1982 begann die Regisseurin Ellen Steiner mit ihrer Langzeitreportage «Für müde Füsse ist jeder Weg zu lang» über den Traumberuf Schauspielerin. Damals begleitete sie vier Nachwuchstalente beim ersten Tag in der Zürcher Schauspielakademie. 40 Jahre später besuchte sie die vier ein letztes Mal. Ein Gespräch über Glücksmomente und Illusionen.
SRF: Wie suchten Sie aus 26 Schauspielschülern Ihre Protagonisten aus?

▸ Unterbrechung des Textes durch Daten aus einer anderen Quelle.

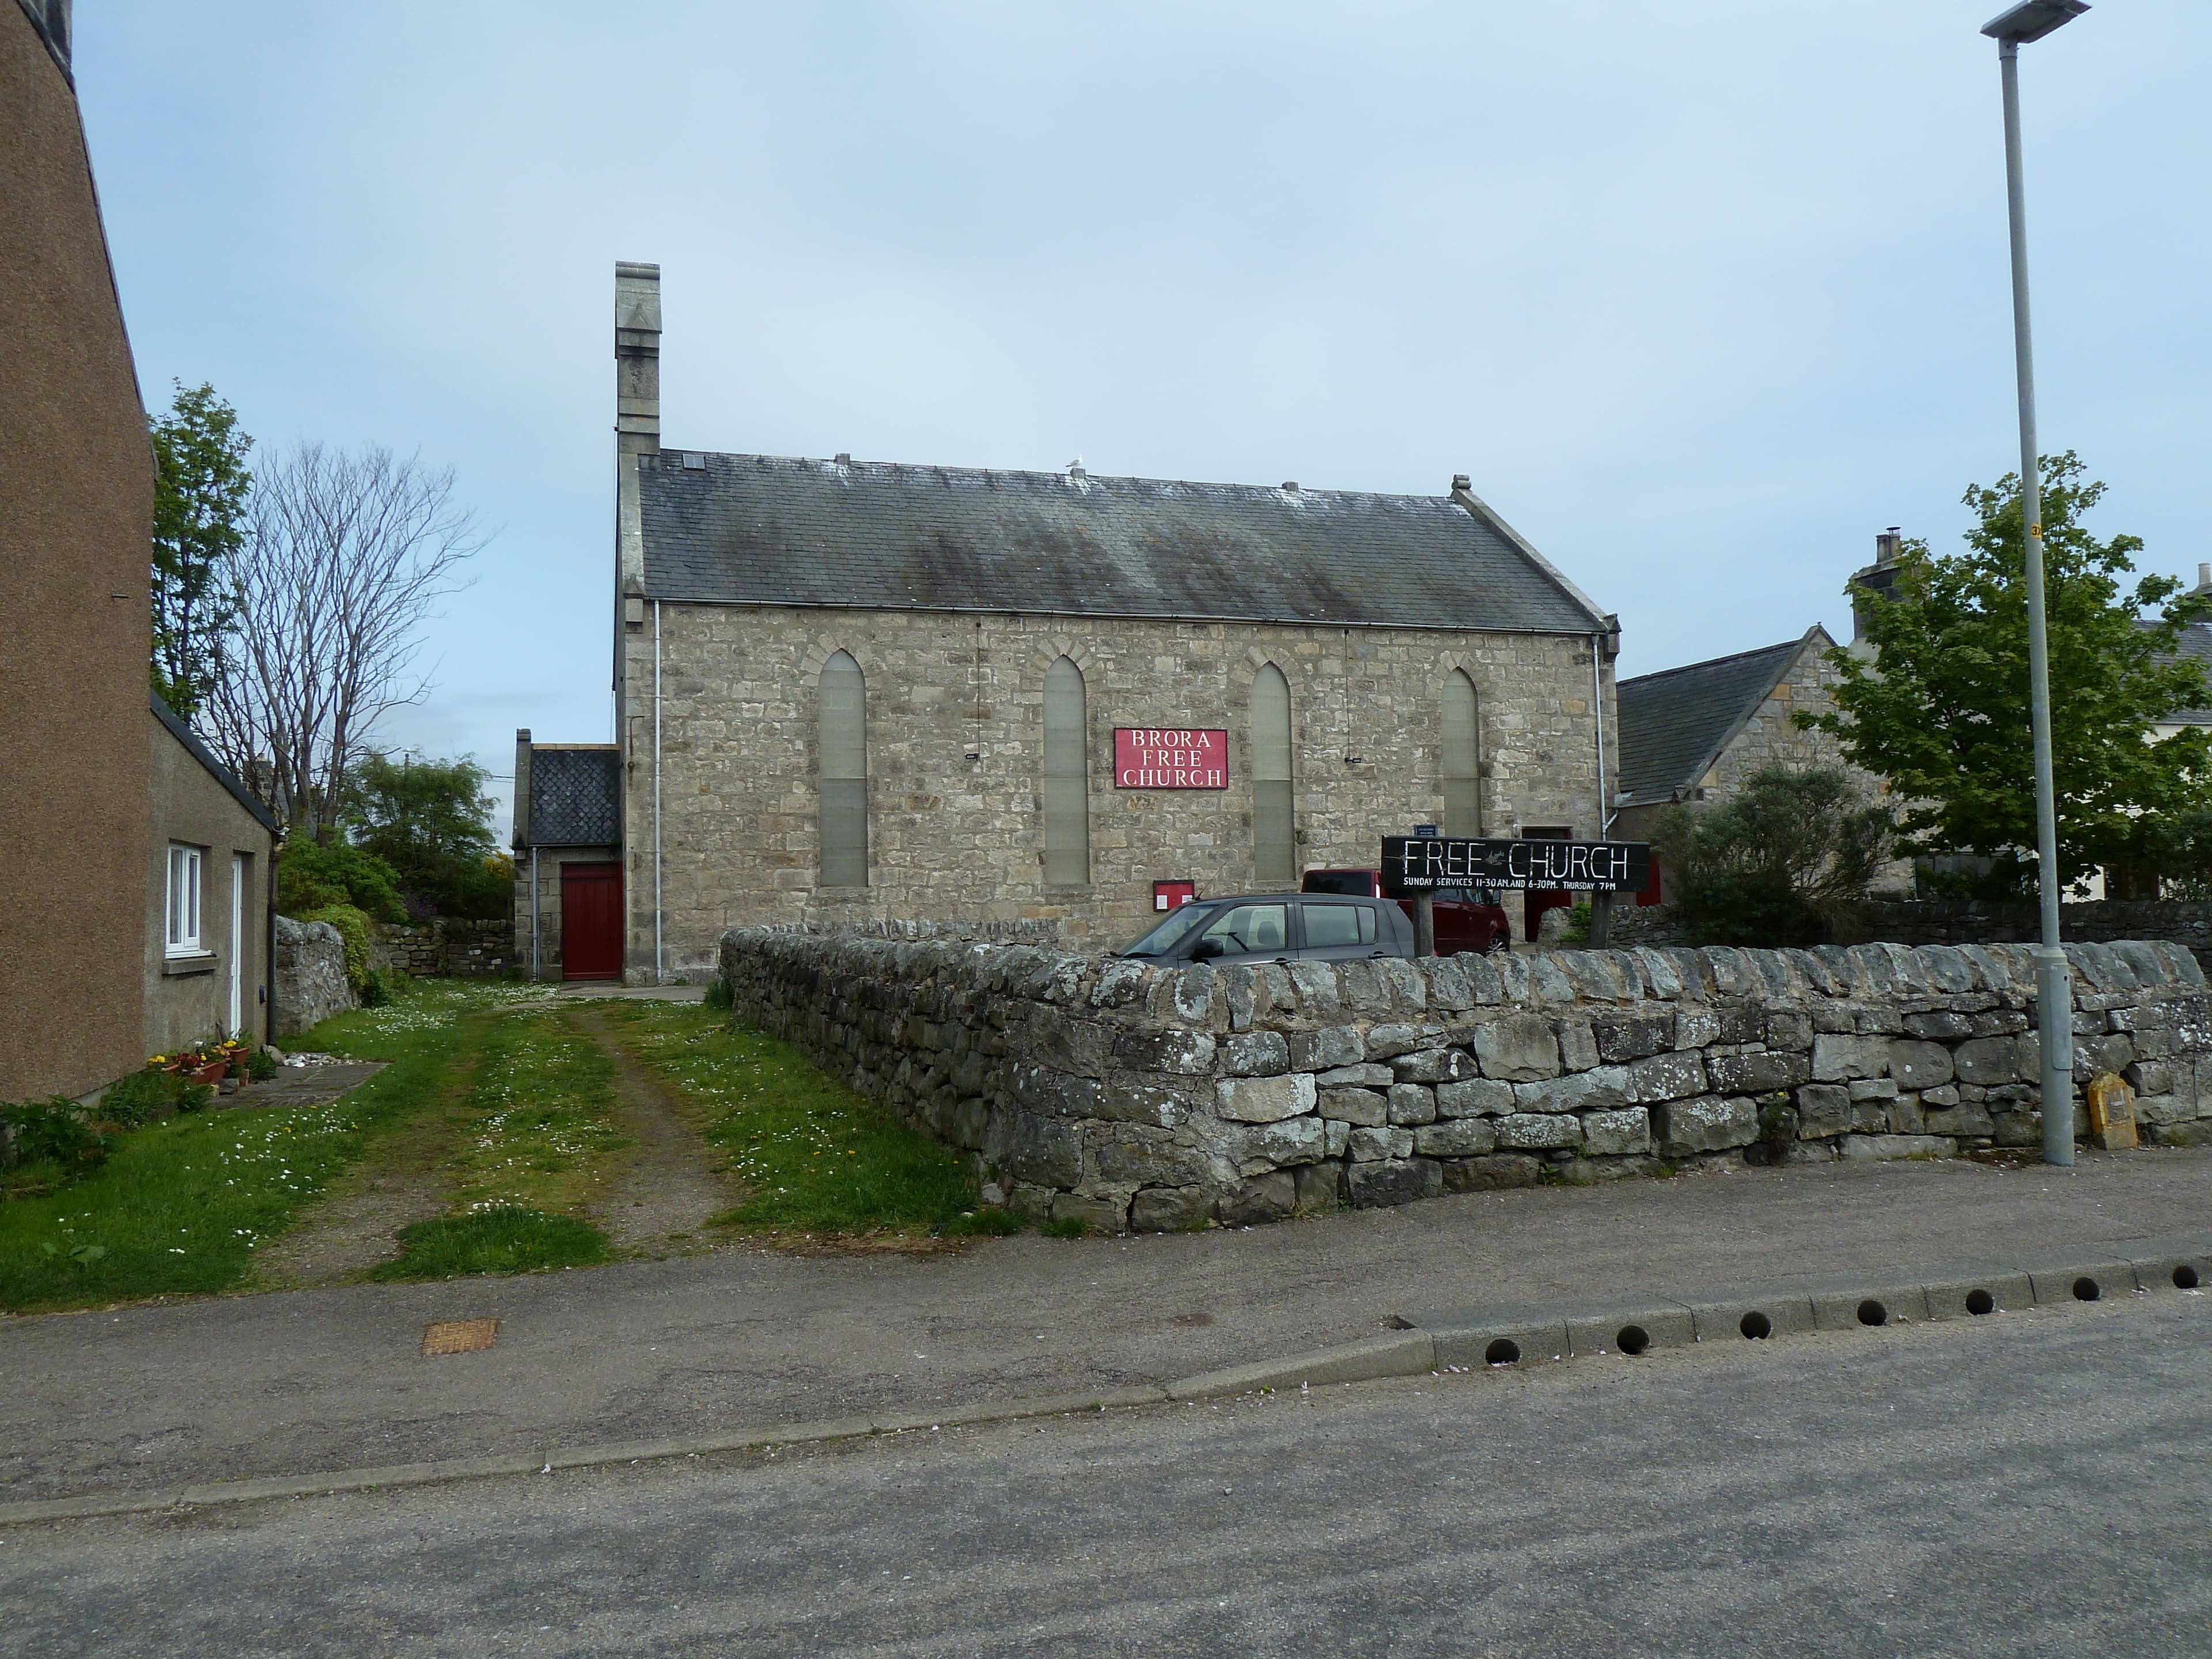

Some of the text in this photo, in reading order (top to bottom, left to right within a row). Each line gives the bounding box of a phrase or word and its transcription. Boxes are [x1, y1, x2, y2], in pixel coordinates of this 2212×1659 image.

[1131, 730, 1211, 747] BRORA
[1143, 749, 1202, 766] FREE
[1123, 770, 1221, 786] CHURCH
[1404, 841, 1628, 880] FREE CHURCH
[1403, 877, 1433, 886] SUNDAY
[1436, 877, 1472, 887] SERVICES
[1562, 881, 1595, 890] THURSDAY
[1599, 882, 1616, 891] 7PM

Ellen Steiner: Zuerst hat mich verblüfft, dass sich so viele junge Menschen für den Schauspielerberuf entschieden haben.
Mich haben die verschiedenen Lebenswege von Menschen immer fasziniert.
Als sich die neue Klasse auf die Rede des damaligen Direktors der Schauspielakademie konzentrierte, habe ich rein intuitiv ausgewählt, wen ich porträtieren möchte: Corina Remund, Monik Kravarik, Stéphane Maeder und Kamil Krejčí. Es war reine Neugierde darauf, was hinter den unterschiedlichen Gesichtern steckt.
Wussten Sie damals schon, dass es eine Langzeitbeobachtung werden soll?
Das war mir von Anfang an klar. Mich haben die verschiedenen Lebenswege von Menschen immer fasziniert. Später war ich zu neugierig, um aufzuhören. Ich wollte wissen, wie es weitergeht.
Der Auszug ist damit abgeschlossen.